A study in New Delhi Tuberculosis Center revealed initial resistance to INH in 18.5% and to RMP in 0.6% cases [7]. In various other studies resistance to INH or RMP and both drugs vary from 3% to 33% and to four first line drugs (INH, RMP, SM, EMB) was seen in 6% cases [8]. In 1994, CDC surveys of drug resistant isolates, 18.9% of isolates from children with TB were resistant to one or more drugs [9]. On clinical suspicion of resistant TB in this case second line drugs were added pending receipt of sensitivity report.

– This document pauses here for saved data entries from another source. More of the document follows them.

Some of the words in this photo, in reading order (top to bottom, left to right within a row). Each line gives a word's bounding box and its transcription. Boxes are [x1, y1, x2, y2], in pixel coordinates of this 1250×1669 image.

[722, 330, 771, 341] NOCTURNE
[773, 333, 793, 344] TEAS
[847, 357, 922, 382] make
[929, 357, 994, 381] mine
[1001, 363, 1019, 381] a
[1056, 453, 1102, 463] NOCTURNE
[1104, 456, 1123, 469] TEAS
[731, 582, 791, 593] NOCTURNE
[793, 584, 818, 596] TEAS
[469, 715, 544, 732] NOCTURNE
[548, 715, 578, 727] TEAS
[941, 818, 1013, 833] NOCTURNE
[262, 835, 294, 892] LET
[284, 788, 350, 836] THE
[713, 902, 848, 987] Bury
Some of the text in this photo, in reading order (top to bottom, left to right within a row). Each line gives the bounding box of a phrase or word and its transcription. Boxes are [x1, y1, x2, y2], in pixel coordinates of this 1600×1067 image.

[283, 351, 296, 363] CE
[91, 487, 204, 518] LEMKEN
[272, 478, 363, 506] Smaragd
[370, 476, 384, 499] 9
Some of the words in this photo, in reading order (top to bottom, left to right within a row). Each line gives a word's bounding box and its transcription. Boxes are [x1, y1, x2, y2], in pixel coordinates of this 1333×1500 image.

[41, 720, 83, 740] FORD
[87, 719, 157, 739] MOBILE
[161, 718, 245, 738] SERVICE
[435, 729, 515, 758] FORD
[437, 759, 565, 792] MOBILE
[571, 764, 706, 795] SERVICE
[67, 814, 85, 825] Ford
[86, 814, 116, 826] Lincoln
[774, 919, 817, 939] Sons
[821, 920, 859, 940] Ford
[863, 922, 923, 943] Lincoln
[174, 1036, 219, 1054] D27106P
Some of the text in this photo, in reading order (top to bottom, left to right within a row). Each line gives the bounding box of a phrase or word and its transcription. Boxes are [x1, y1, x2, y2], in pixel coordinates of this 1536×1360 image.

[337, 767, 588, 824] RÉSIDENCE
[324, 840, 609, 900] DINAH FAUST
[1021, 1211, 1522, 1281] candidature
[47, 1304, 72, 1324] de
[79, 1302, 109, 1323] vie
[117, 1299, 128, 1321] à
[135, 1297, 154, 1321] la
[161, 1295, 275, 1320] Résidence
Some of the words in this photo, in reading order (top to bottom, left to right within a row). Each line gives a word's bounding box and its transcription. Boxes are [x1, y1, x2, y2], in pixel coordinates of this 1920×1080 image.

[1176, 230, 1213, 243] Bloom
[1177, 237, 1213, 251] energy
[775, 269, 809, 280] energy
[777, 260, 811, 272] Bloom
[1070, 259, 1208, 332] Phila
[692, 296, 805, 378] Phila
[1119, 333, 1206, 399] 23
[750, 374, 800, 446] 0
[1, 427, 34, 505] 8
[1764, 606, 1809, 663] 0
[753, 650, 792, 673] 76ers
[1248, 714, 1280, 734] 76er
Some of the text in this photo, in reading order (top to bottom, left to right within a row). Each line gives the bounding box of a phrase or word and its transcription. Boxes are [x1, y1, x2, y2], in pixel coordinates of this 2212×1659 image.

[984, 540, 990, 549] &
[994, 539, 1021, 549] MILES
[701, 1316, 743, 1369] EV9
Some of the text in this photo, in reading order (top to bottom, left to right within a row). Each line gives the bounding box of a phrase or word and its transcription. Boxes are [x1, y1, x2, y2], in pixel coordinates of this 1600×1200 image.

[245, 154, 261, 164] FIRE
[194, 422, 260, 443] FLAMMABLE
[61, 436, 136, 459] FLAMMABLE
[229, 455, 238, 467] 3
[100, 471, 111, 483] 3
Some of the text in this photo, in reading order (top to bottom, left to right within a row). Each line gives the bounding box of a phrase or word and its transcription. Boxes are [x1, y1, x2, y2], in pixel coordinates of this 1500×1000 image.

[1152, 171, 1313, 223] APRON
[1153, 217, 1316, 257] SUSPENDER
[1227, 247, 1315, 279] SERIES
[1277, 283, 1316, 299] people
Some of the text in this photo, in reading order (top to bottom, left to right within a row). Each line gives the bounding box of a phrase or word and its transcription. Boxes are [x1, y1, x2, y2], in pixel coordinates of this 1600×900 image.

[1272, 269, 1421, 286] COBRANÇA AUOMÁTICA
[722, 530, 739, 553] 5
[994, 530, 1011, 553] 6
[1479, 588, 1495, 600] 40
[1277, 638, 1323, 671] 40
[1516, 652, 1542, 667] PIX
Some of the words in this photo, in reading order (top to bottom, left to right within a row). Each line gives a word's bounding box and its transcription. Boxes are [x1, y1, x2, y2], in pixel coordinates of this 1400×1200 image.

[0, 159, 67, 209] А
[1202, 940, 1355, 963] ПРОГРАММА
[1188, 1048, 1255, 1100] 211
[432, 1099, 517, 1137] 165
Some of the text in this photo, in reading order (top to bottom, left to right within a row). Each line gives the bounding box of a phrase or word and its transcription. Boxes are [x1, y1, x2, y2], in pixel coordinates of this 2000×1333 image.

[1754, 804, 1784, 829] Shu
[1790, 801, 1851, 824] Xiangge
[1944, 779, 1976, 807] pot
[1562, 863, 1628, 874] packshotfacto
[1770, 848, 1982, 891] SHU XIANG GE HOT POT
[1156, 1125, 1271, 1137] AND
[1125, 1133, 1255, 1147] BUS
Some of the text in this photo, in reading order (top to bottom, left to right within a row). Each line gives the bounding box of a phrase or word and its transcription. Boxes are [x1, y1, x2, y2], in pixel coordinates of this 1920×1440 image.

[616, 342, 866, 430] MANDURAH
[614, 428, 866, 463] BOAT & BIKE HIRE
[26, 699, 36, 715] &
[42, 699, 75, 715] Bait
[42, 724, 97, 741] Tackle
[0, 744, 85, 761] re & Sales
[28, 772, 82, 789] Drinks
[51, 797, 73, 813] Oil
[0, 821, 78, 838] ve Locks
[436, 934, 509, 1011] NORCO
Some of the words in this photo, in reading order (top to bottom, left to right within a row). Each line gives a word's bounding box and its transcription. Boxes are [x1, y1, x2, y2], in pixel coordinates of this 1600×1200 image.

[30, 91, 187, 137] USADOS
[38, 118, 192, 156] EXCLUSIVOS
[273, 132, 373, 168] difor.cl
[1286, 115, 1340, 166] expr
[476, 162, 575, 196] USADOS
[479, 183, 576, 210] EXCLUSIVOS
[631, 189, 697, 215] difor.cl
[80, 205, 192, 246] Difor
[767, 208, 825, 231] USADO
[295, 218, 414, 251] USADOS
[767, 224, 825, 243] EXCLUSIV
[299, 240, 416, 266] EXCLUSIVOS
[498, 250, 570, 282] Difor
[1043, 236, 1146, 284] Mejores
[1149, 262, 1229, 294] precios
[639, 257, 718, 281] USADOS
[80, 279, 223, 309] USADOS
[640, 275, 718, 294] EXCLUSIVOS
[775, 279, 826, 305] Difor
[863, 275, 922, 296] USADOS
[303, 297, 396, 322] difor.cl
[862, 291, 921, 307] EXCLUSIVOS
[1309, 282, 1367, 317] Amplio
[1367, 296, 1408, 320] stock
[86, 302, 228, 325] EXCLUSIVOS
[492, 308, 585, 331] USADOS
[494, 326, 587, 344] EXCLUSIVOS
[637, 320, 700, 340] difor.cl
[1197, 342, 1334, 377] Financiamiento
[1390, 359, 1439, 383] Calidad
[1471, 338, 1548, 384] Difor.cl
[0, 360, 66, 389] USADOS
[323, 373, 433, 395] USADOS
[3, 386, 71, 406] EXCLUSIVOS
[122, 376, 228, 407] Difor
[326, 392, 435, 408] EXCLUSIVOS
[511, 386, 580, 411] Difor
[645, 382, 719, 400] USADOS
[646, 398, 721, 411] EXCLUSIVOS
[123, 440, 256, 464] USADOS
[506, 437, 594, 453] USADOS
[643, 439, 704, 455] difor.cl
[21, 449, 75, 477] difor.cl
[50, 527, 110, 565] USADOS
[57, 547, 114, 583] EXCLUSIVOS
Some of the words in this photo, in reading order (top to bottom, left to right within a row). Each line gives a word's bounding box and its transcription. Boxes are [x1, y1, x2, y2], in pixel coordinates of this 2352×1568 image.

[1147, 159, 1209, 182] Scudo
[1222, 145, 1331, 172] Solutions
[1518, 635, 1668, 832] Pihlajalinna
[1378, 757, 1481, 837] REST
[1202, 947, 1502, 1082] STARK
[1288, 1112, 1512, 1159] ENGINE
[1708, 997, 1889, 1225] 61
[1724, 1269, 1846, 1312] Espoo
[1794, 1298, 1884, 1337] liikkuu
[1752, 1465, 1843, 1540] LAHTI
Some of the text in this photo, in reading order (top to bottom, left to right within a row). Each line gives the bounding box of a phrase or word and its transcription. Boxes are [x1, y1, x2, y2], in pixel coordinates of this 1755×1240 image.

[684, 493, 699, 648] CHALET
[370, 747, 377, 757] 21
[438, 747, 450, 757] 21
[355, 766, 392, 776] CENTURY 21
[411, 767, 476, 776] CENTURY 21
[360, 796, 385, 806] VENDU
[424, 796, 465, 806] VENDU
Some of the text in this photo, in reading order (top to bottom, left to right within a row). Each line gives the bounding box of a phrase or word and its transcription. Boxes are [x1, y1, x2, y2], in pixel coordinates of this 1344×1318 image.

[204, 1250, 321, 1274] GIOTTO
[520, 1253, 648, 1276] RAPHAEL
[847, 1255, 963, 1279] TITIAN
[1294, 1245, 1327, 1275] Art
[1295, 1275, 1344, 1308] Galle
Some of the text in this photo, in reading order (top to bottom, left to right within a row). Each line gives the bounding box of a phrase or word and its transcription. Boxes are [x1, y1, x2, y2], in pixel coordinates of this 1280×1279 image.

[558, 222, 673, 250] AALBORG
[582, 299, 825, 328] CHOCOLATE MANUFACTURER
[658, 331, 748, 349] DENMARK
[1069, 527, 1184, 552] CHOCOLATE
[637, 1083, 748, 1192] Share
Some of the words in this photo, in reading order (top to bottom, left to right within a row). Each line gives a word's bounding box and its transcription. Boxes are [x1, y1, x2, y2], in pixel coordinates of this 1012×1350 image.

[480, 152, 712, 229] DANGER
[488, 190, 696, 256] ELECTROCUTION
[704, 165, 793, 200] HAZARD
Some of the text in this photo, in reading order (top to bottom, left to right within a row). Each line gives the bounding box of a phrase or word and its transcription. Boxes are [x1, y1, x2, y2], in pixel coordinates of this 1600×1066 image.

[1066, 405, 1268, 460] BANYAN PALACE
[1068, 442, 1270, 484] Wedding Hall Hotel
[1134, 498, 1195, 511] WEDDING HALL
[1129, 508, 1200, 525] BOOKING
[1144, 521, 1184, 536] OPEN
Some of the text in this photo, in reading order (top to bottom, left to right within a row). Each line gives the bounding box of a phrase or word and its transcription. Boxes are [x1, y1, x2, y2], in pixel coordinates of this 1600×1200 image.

The use of radiometric technique such as BACTEC (Becton Dickinson Diagnostic Instrument Systems. Towson. MD) can reduce the time of isolation, identification and drug susceptibility testing of tuberculosis to as few as 3 to 4 weeks as opposed to prevailing 9 to 12 weeks [10]. Unfortunately rapid diagnostic methods are not readily available.

MDR-TB is difficult and expensive to treat. The management of MDR-TB requires familiarisation with second line antimycobacterial agents. These drugs are generally less potent, poorly tolerated and frequently more toxic than INH and RMP. MDR-TB therapy must be individualised and based on susceptibility studies. INH and RMP resistance is frequently accompanied by resistance to other first line drugs and a history of previous antituberculous treatment was found in over 40% cases [11]. Treatment includes at least 3 to 5 agents to which the organism is susceptible in vitro. A combination of INH, RMP and Pyrazinamide (PZA) with the addition of Streptomycin (SM), Ethambutol (EMB) or Ethionamide should be regimen used in most of these children. CDC recommends PZA and EMB to be continued for an additional 12 months [12]. Patients infected with organisms resistant to both INH and RMP require at least 18 months of therapy. Some of these patients die of tuberculosis or continue to have active tuberculosis despite optimal therapy. The second line drugs to be considered include PAS, Thiacetazone, Cycloserine, Ciprofloxacin, Ofloxacin, Clarithromycin and Azithromycin or Meropneum [13].